De Fillon à Royal en passant par Macron, les phrases assassines du livre de Nicolas Sarkozy (vidéo)

De François Fillon à Ségolène Royal en passant par Alain Juppé et Dominique de Villepin, Nicolas Sarkozy décrit sans ménagement ses compagnons ou adversaires politiques dans « Passions » (Éditions de l’Observatoire), paru jeudi. Voici les bonnes perles.

– Edouard Philippe  : « Il démontre une force et un calme que je ne lui supposais pas. Il est un Premier ministre loyal et compétent. Il a même fait de son supposé manque de charisme un atout. »

– Lionel Jospin : Après le 21 avril 2002, « l’amertume l’avait submergé. Il y avait du Giscard de 1981 dans le Jospin offensé de 2002. »

– Dominique de Villepin : « On ne peut pas dire que nous nous entendions mal. (…) J’écoutais sans tout comprendre. Mais y avait-il toujours quelque chose à comprendre ? Rien n’est moins sûr, car emporté par son propre élan mon interlocuteur avait souvent du mal à atterrir. »

– Jean-Louis Borloo : Il « peut être un bourreau de travail, et puis, brusquement, disparaître sans plus donner la moindre nouvelle. »

– Jean-François Copé : « Il a une réelle propension à susciter l’antipathie. Il ne s’en rend pas toujours compte, ce qui peut contribuer à aggraver le problème. »

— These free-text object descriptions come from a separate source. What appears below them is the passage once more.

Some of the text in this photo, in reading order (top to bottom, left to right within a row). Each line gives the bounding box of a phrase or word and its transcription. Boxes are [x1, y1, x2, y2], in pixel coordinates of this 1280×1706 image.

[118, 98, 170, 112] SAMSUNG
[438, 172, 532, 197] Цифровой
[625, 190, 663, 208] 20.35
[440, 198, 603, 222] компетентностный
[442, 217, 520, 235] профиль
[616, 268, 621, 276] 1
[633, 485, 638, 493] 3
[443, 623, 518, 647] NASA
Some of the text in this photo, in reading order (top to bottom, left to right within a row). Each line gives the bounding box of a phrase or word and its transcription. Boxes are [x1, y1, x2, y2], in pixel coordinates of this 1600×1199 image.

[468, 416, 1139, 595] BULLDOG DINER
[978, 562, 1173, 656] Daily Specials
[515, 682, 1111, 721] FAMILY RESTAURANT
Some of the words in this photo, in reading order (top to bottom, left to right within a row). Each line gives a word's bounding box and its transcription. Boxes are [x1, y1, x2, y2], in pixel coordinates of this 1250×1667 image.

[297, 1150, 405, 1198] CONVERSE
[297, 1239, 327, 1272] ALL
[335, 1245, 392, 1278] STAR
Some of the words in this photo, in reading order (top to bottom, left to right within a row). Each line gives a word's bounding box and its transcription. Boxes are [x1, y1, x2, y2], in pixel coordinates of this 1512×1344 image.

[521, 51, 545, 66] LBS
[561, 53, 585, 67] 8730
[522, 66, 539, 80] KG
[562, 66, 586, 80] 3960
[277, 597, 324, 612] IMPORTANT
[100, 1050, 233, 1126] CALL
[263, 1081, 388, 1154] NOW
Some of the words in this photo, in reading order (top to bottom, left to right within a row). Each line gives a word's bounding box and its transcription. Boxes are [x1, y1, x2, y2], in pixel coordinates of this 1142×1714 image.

– Nicolas Hulot : « On s’attendait à voir un ministre engagé, allant sur tous les fronts, menant croisade pour ses convictions. On ne vit rien de tout cela. L’intéressé dit même +s’être ennuyé au gouvernement+. Quelle étrange confession. »

– La droite : « Je voulais diriger la ‘cathédrale’, pas régner sur une ‘chapelle’ ». Aujourd’hui, « dès qu’apparaît le moindre désaccord, la division semble devenue inéluctable. Ainsi, Valérie Pécresse a créé Libres, Xavier Bertrand La Manufacture, Bruno Retailleau Force Républicains… à l’arrivée, je crains fort que chacun sera déçu ».